A good book review of fiction includes these elements:

  • A lively opening:  one paragraph that mentions the name of the author and the title (and often some brief information about the author, as well as any past works, prizes, etc.)
  • A summary of the plot.
  • Your opinion of the book's strengths and weaknesses.
  • A wrap-up sentence or paragraph that gives the reader a final impression of the book.

1st Paragraph:  The Opening:

 Composing a good lead paragraph is the most challenging part of review writing.  The purpose is to catch your readers' attention, making them eager to read what you have to say.

To get started, take notes.  Ask yourself some questions (you're likely to find your lead in your answers):

    • What's the main theme that runs through the book?
    • What's special about the book, compared to others like it?
    • What impact did the book have on you?

The name of the author and the book title (underlined or italicized) should be included in the first paragraph.

 

2nd Paragraph:  The Summary:

            People read reviews primarily to find out whether they want to read a book, so you need to give them a taste of what's between the covers.  When reviewing fiction, tell your readers something about the main characters, but summarize only some of the plot. 

            Summarize the first third to half of the plot of a novel, omitting the subplots, and stop where a conflict is about to be resolved, a character is about to make a decision, or a major action scene is about to begin.

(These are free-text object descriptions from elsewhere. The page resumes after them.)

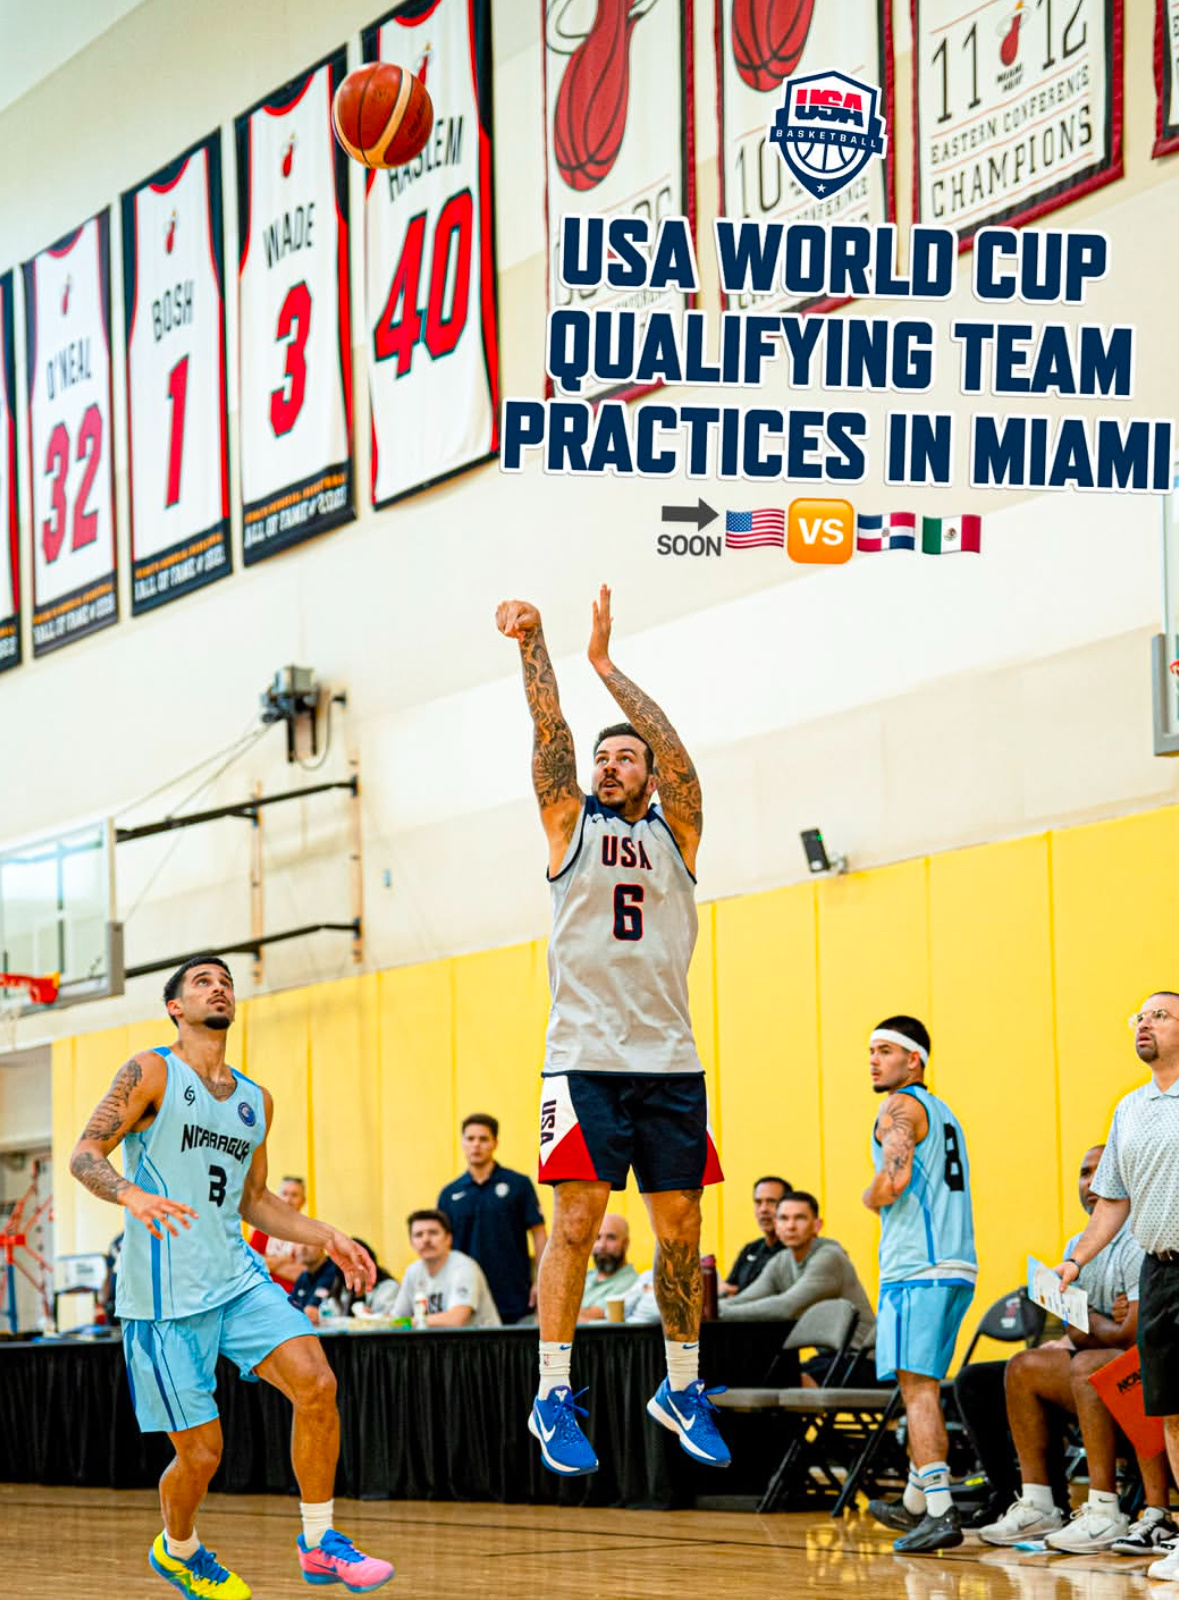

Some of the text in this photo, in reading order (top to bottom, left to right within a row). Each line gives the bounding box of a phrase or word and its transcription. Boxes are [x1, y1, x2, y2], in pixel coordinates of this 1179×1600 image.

[931, 65, 1089, 164] EASTERN CONFERENCE
[932, 104, 1092, 218] CHAMPIONS
[263, 201, 316, 268] WADE
[151, 280, 195, 342] BOSH
[373, 186, 473, 379] 40
[47, 336, 92, 400] O'NEAL
[269, 279, 312, 437] 3
[165, 353, 190, 509] 1
[42, 402, 102, 565] 32
[602, 835, 653, 870] USA
[613, 883, 645, 941] 6
[540, 1099, 557, 1146] USA
[208, 1164, 227, 1208] 3
[943, 1122, 965, 1192] 8
[1117, 1369, 1142, 1393] NCA
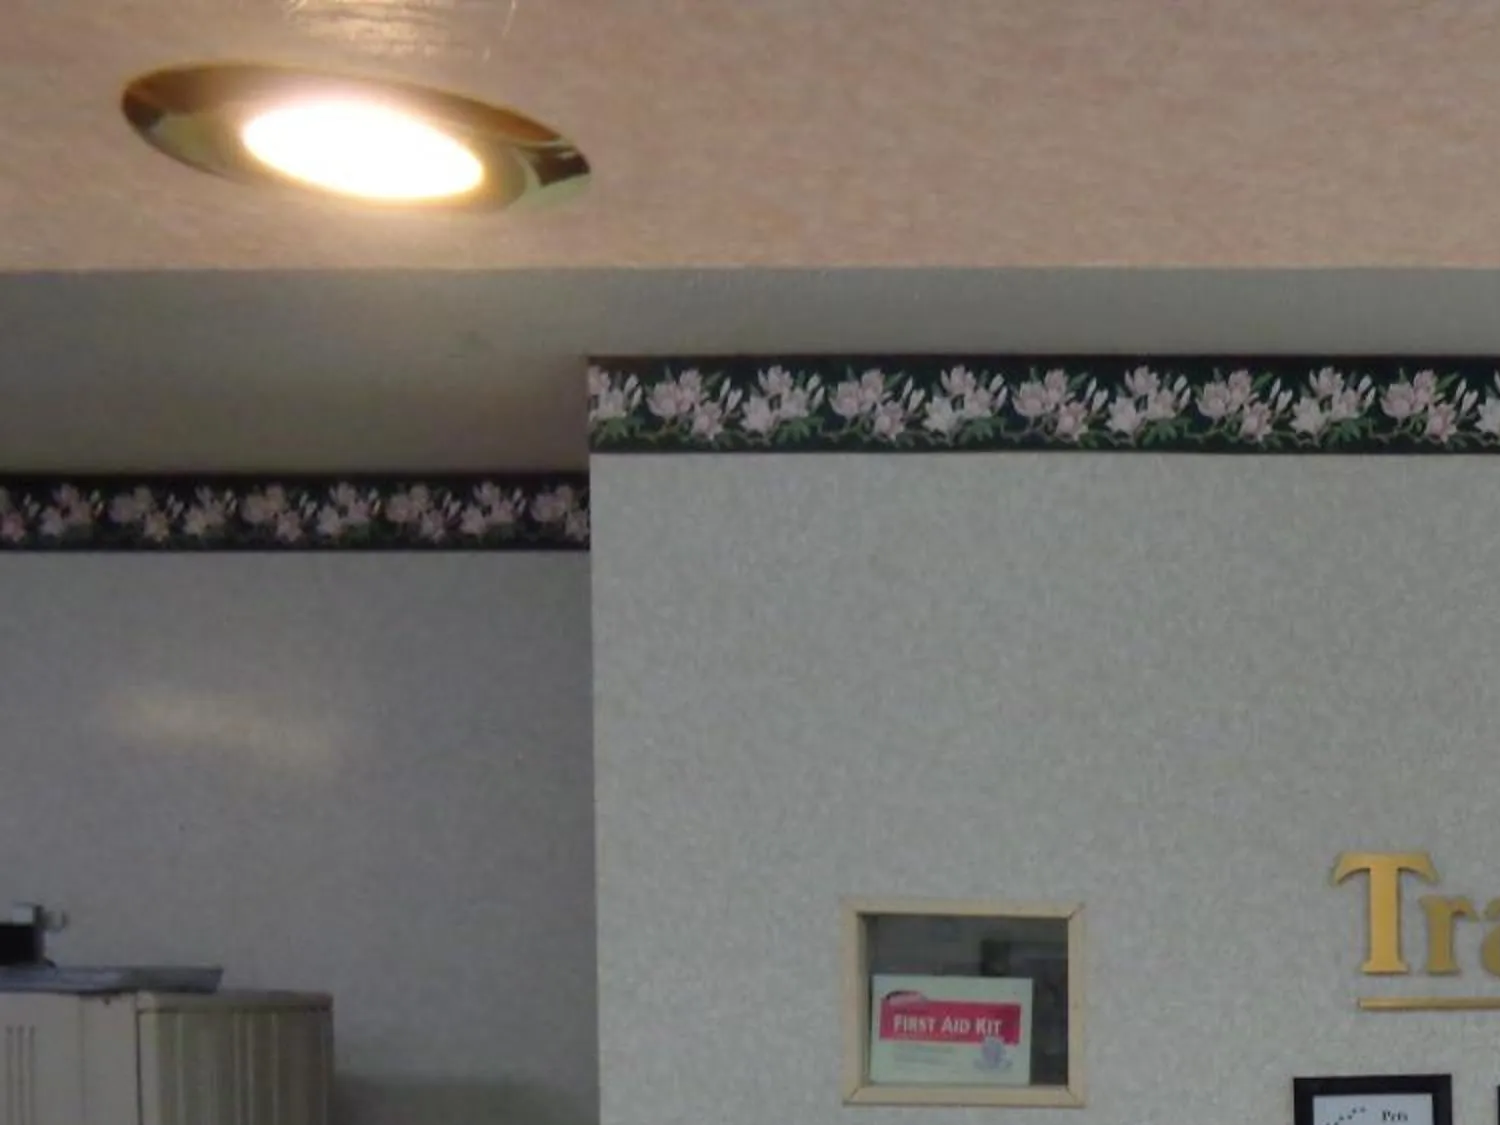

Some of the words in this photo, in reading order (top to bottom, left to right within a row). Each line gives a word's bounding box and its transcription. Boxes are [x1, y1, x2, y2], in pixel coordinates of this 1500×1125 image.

[893, 1014, 936, 1033] FIRST
[941, 1016, 971, 1033] AID
[976, 1016, 1004, 1034] KIT
[1382, 1109, 1409, 1121] Pets

            Choosing good quotations from the book can make it come alive for your readers.  Look for especially witty, moving, or powerful quotes, and describe the context in which they were made.

 

3rd Paragraph:  The Opinion:

            When forming your opinion of a book, you might start by asking yourself these questions:

o       What did this author set out to do?

o       How well did he or she succeed?

o       Did the book move me in some way?

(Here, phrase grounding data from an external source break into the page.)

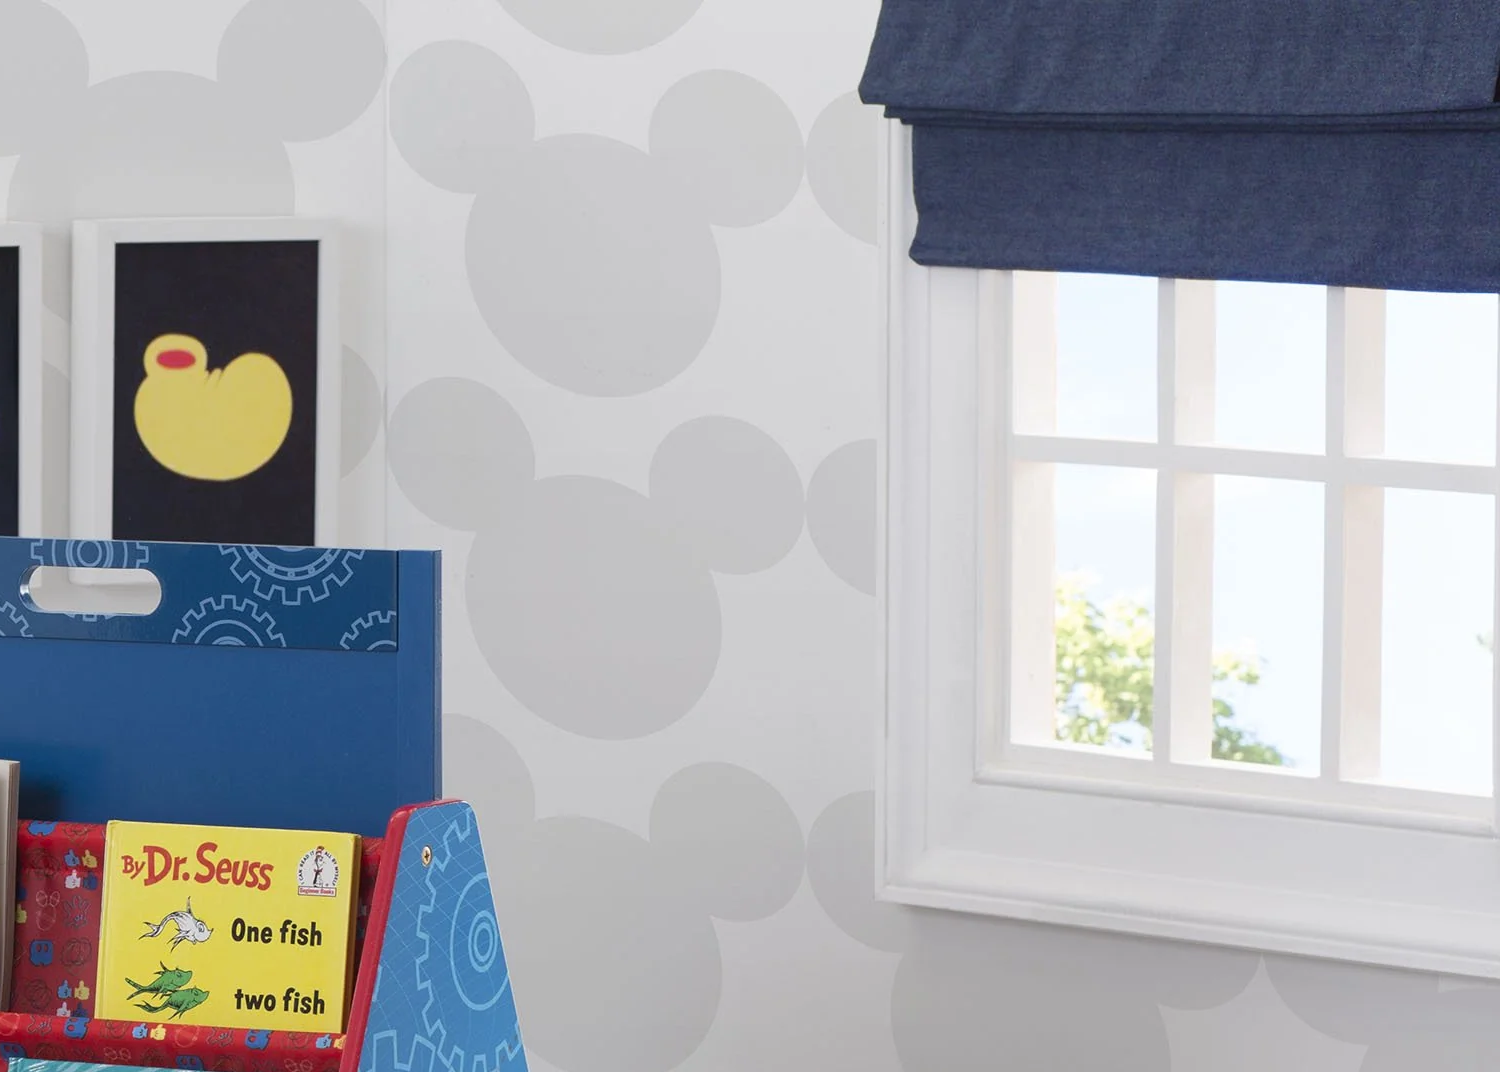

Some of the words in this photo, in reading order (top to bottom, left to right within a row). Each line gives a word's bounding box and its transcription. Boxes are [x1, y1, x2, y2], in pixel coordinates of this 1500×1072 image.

[121, 855, 145, 879] By
[143, 845, 190, 886] Dr.
[194, 841, 274, 891] Seuss
[231, 918, 272, 943] One
[280, 919, 322, 946] fish
[234, 989, 276, 1011] two
[283, 987, 325, 1015] fish
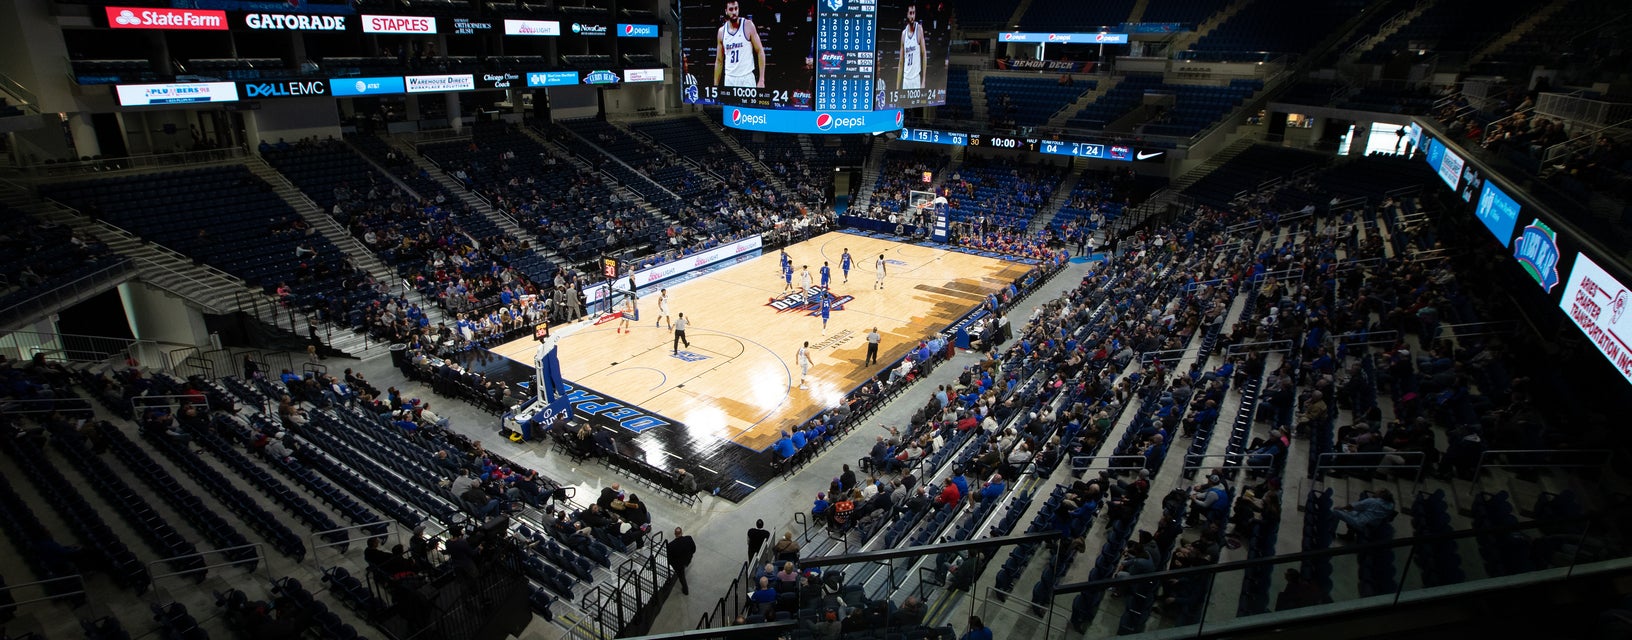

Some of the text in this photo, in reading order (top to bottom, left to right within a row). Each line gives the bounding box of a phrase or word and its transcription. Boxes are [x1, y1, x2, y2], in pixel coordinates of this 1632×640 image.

[246, 14, 346, 30] GATORADE
[372, 18, 428, 31] STAPLES
[731, 50, 739, 63] 31
[705, 86, 718, 98] 15
[733, 87, 757, 98] 10:00
[772, 90, 789, 102] 24
[890, 91, 898, 102] 15
[907, 90, 920, 99] 10:00
[928, 89, 936, 100] 24
[742, 114, 766, 124] pepsi
[835, 116, 865, 128] pepsi
[991, 138, 1015, 147] 10:00
[1086, 146, 1098, 155] 24
[605, 266, 615, 277] 30
[1581, 276, 1598, 298] ARIES
[1576, 289, 1601, 320] CHARTER
[1570, 303, 1620, 361] TRANSPORTATION

o       What did I like about the book?

o       What did I dislike?

o       Were the characters interesting and convincing?

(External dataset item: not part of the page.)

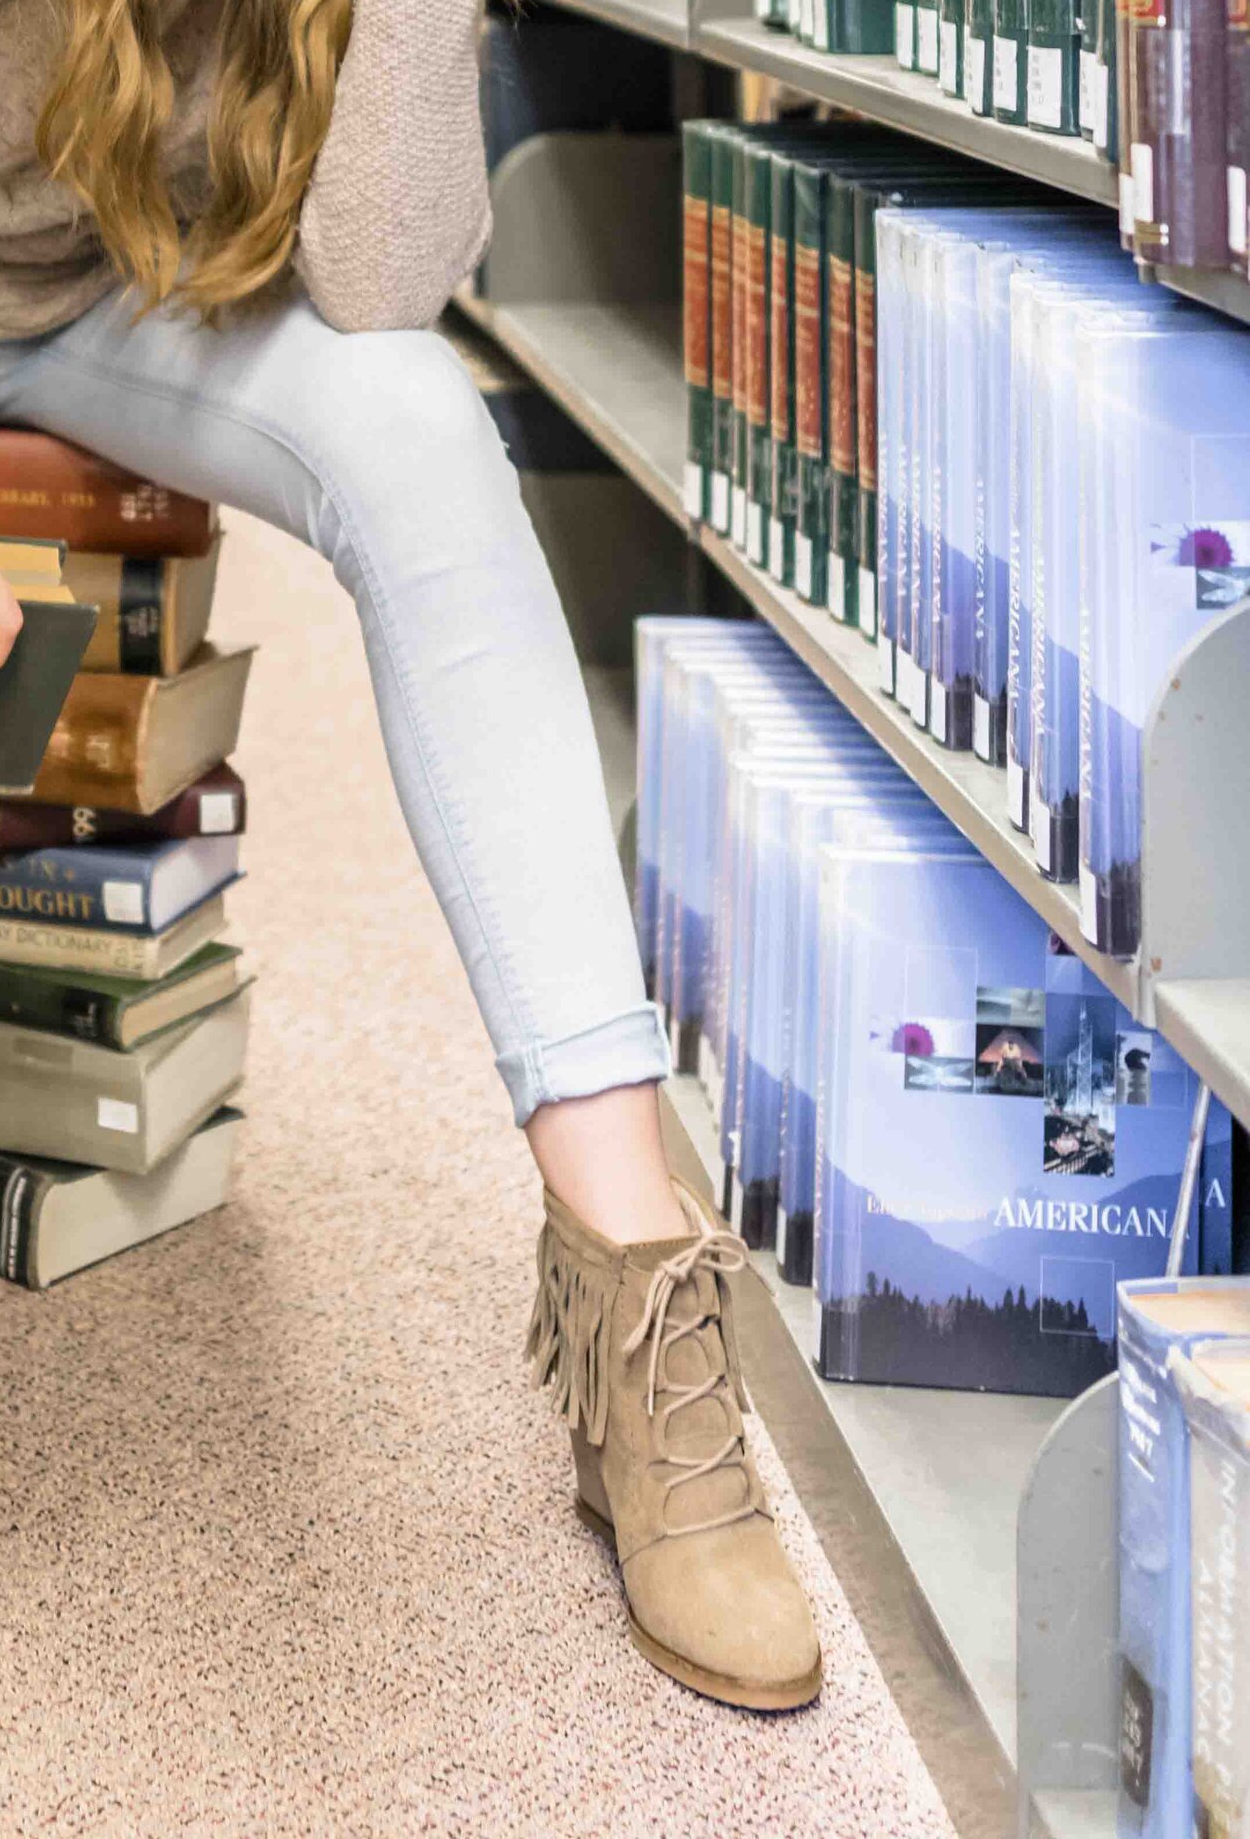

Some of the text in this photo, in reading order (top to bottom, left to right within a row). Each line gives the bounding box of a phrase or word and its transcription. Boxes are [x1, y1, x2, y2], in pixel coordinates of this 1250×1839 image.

[975, 475, 985, 641] AMERICANA
[16, 924, 113, 956] DICTIONARY
[1197, 1558, 1213, 1761] ALMANAC
[1216, 1459, 1237, 1747] INFORMATION

o       Did the plot hold my attention to the end?

 

4th Paragraph:  The Wrap-Up:

            Make your ending short, finding some strong words that sum up your opinion of the book.  If possible, echo a statement you made in your opening paragraph. Remember, your goal is to give your review a memorable ending.

"He who learns but does not think is lost! 
He who thinks but does not learn is in great danger!" 
Confucius 551-479 B.C. (Chinese philosopher)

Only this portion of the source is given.